Oxidative damage of bovine serum albumin and other enzyme proteins by iron-chelate complexes

Abstract

Direct oxidative protein damage by iron-nitrilotriacetate (NTA), as well as physiological iron complexes, iron-citrate and iron-ADP was studied in the presence or absence of H 2O 2, using bovine serum albumin (BSA), glucose-6-phosphate dehydrogenase (G-6-PD), glutathione reductase (GSSGRase) and catalase as the target proteins. Both Fe(III)NTA + H 2O 2 and Fe(II)NTA + H 2O 2 caused marked BSA fragmentation which accompanied the decrease in the intrinsic tryptophan fluorescence and appearance of bityrosine fluorescence. However, Fe(III)citrate + H 2O 2 showed only slight BSA fragmentation. In the absence of H 2O 2, Fe(II) NTA but not Fe(III)NTA caused similar but slight BSA fragmentation, which depended on the molecular oxygen. Fe(II)citrate also showed O 2-dependent BSA fragmentation to a comparable degree, however, Fe(II)ADP showed no detectable BSA damage. BSA fragmentation by Fe(II)NTA + O 2 and by Fe(III)NTA + H 2O 2 resulted in the appearance of the new α-amino groups. Electron spin resonance study using 5,5-dimethyl-1-pyrroline N-oxide (DMPO) as a spin trapping reagent showed DMPO-OH spin adduct, which suggests the presence of hydroxyl radical, in Fe(III)NTA + H 2O 2, but not in Fe(II)NTA + O 2 system. Fe(II)NTA inactivated G-6-PD and GSSGRase in a O 2-dependent manner, however, G-6-PD was more susceptible to the damage.
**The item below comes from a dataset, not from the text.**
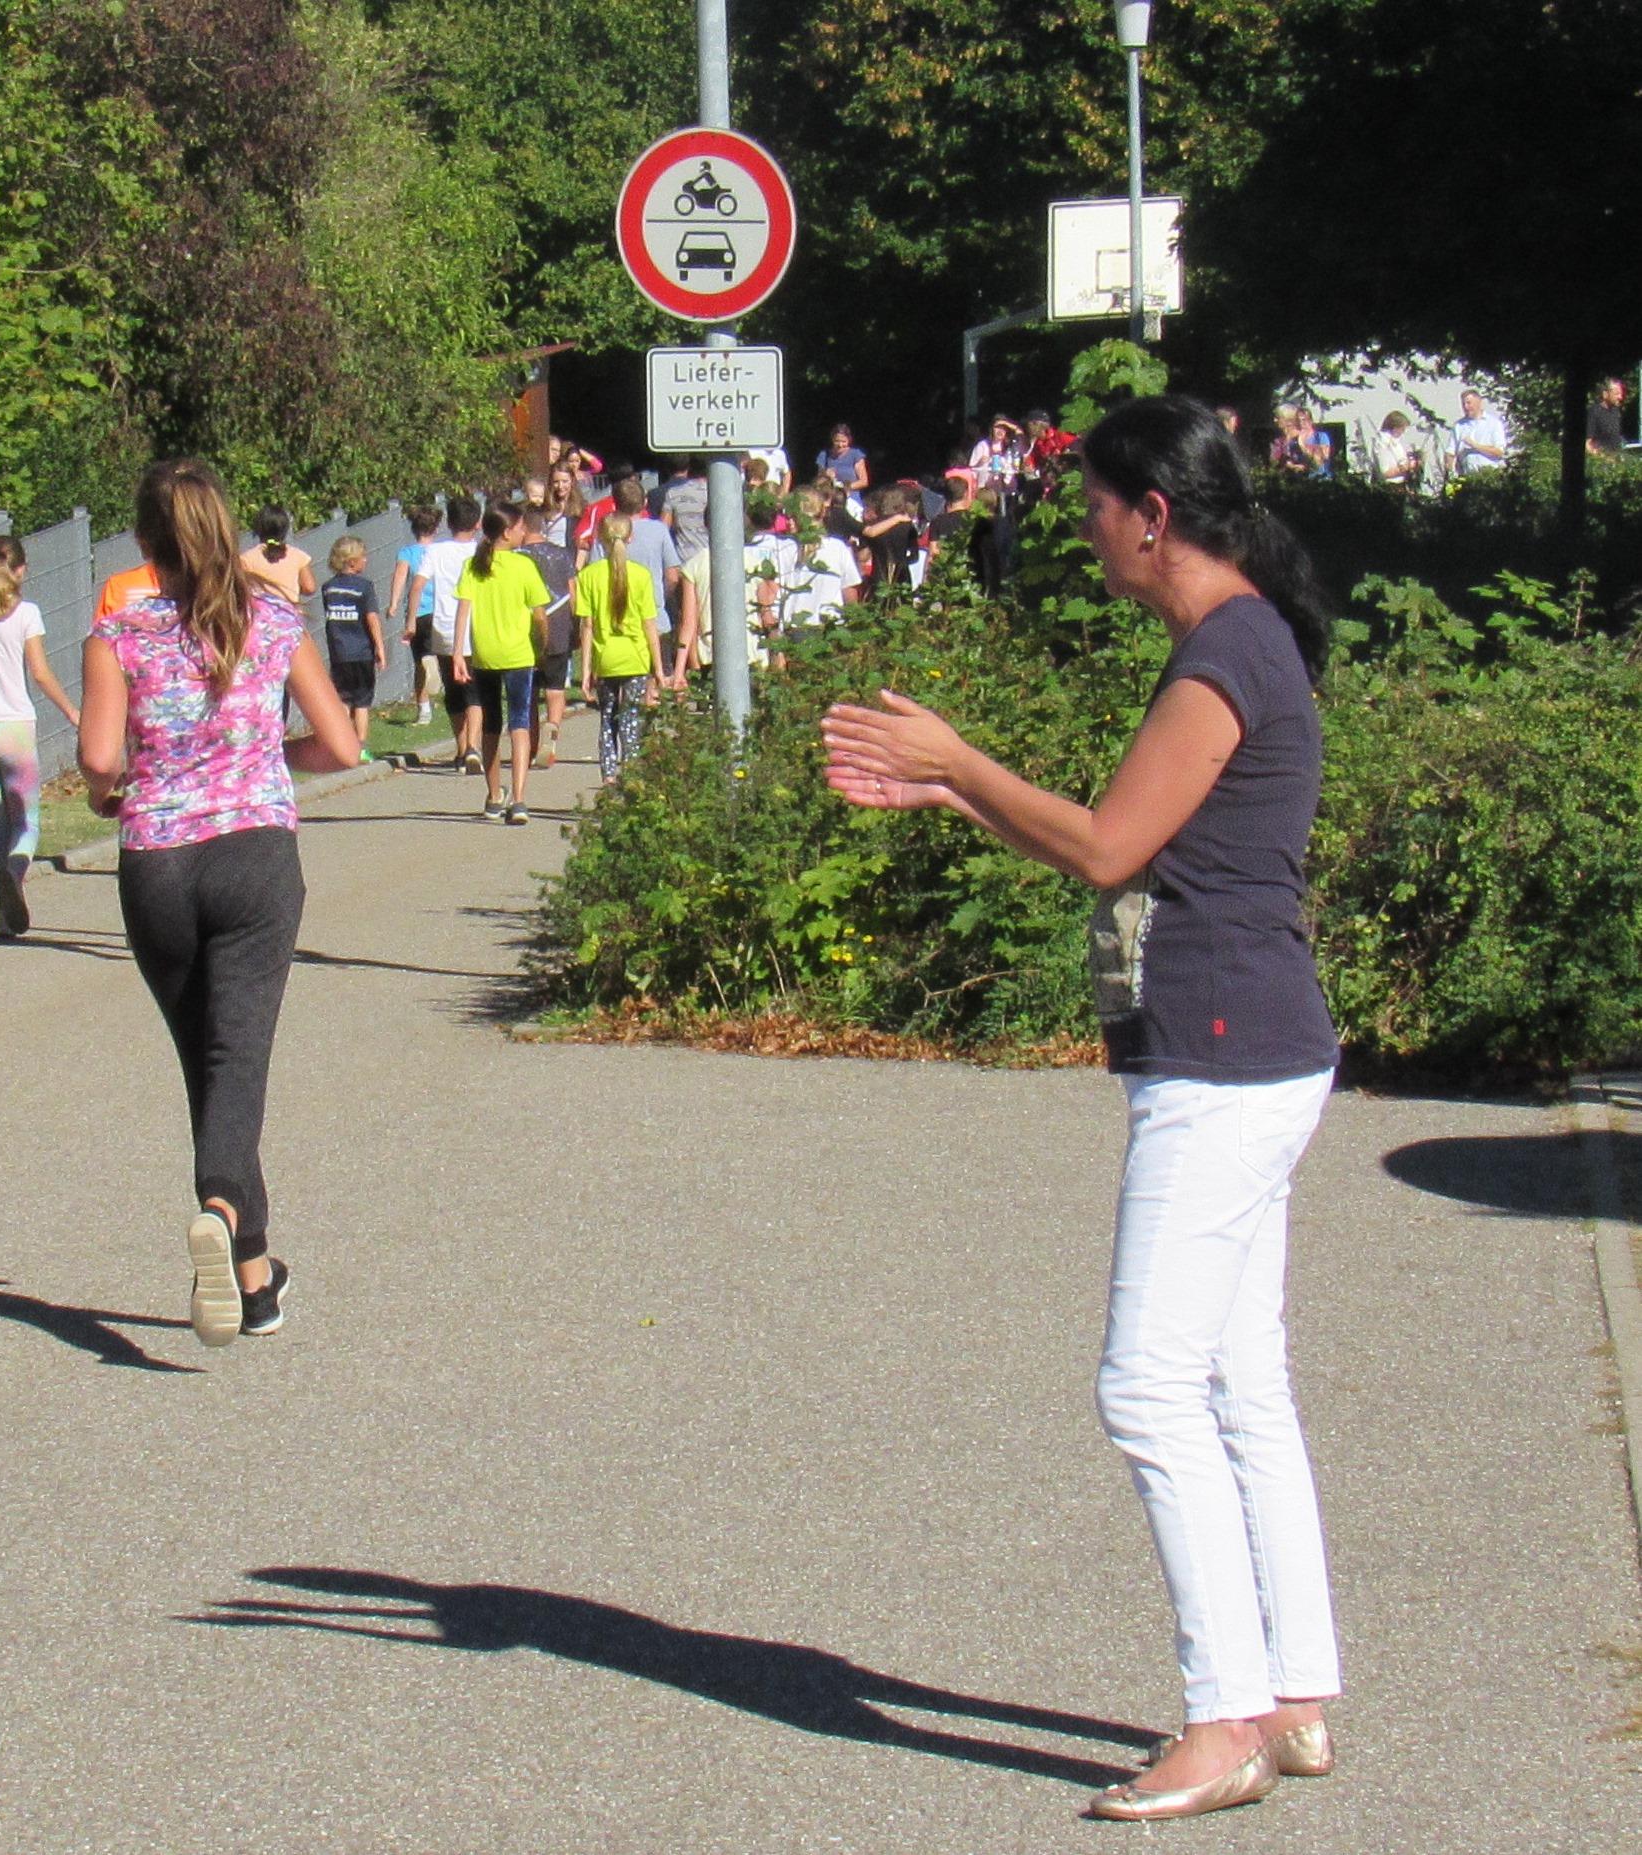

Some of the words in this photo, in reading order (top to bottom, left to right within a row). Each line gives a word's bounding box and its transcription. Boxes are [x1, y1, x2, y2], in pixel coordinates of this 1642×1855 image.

[673, 362, 754, 383] Liefer-
[668, 389, 760, 410] verkehr
[696, 416, 736, 437] frei
This enzyme inactivation also accompanied the protein fragmentation and was not due to simple sulfhydryl oxidation. Catalase was not significantly inactivated nor fragmented by Fe(II)NTA + O 2. These findings suggest that the interaction between proteins and iron-chelate complexes is important in iron catalyzed oxidative damage, and that the structure of the chelating agent may determine the target molecules.